Dusk At Ufuk Malacca

Dusk At Ufuk Malacca
Chapter 21



3 More days I will return to the Shelter because he will return to his homeland. The farewell ceremony was started by his colleagues.


This afternoon I was invited to attend a farewell event at a Japanese restaurant. Some important guests were already in their seats.


It turned out to feel very heavy I stepped foot in the middle of important people like this. I wanted to go home, but it couldn't have been here.


Even I did not have the slightest confidence, like a dust grain (according to the version of the song). It seems that later I will have trouble swallowing food because of this awkward taste.


Sweat also began to pour even though I had taken a shower first. Do not forget also I spray oil nyong-nyong so that my body is always fragrant. But now even wet with sweat that does not stop dripping.


Some of them greeted me and gave me a seat, but I chose a table consisting of only a few people. Not to forget I also gave the sweetest smile I had when someone greeted me.


I also sit in a slow motion style. They look like they're taking pictures of each other to make memories. I just kept silent watching it.


I want to go to the toilet, but it feels wrong to have to pass a bunch of them first. I finally chose to look at them.


Not long after, came Rini's sister as well. I was a little relieved because he chose to sit near me. He who always gives a smile and is always carefree, makes me feel comfortable being around him.


He also invited me to talk and joke with each other. Finally, Rini can melt my frozen mood due to groggy.


Some delicious food began to arrive one by one. A variety of seafood that is very appetizing right in front of me. It looks like a line of crabs beautifully arranged complete with sauce. Waw ... wanted me to enjoy it immediately but I refrained from embarrassing myself.


Finished the dishes neatly arranged, they began to photograph the food. I took my salary and imitated them. When I finished, I uploaded it to my social media account. Let the one who sees it will drool like I am now (when I am only hitchhiking).
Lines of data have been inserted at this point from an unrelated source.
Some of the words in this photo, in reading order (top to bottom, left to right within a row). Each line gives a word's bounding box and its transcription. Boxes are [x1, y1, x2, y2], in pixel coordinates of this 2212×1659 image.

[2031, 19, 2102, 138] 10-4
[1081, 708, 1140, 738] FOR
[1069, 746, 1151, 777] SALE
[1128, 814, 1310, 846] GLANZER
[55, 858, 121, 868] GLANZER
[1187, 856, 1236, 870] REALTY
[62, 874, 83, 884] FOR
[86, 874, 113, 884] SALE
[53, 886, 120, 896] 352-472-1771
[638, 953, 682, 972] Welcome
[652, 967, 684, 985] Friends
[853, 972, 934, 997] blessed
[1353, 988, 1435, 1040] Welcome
I can also enjoy the food available. Things that make me confused again with the absence of water. I whispered to Rini, but she offered me Thai Tea instead. Oh No. I've felt before that made my throat choked.


It turns out that I misjudged before, they actually did not distinguish me. Maybe it was just my feelings that were too much. We ended up taking photos together and joking with each other.


***


After the show, he and I headed back to the condo. I then continued to tidy up this room because it will be handed over to the owner tomorrow morning.
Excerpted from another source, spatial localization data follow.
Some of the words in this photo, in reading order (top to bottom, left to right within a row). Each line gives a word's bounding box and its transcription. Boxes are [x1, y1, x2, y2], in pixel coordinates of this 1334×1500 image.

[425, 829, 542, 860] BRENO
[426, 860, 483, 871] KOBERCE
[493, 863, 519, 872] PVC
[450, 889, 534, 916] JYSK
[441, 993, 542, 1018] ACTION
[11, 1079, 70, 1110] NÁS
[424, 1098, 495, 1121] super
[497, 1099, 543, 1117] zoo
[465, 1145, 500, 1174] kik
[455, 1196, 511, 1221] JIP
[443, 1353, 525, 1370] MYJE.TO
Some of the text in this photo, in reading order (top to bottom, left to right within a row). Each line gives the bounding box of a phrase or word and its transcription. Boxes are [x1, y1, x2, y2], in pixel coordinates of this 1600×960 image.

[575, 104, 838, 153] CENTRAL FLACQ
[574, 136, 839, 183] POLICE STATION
Some stuff I pack in plastic and throw away the ones that don't really matter. All my rooms are cleaned and arranged as neatly as possible.


It's sad to have to part with someone as good as him. He actually wanted to take me to Singapore, but I only had SPLP. I could be stuck there and be deported because it only applies to one trip.


The next morning I drove to the airport. I couldn't help my sadness, I didn't feel like I was crying for his return.


After the airport, I headed to the Shelter and brought all my belongings. Once there, I no longer have the right as Chairman of the Shelter because someone has replaced him.


All my duties were transferred to him while I was in the condo. I live my days in the Shelter from the beginning back, like just entering the Shelter.


I was only able to survive for a month because the Boss offered me to go home. I am so happy to hear this news. I immediately accepted the offer.


Some of the salaries I received with chest space. Even I was preparing to take care of Check Out Memo (COM) to be finished quickly. Not to forget I also bought a return ticket and chose the cheapest price.


Not to forget also I asked to take pictures with some people who always gave me support while working. They're important people but don't look at me with one eye. People who taught me from beginning to end. They do not hesitate to criticize me for being better.


Now I just have to wait for the scheduled departure to my homeland. I cried when I said goodbye to another friend. Nor do I encourage you not to easily waver with whatever happens.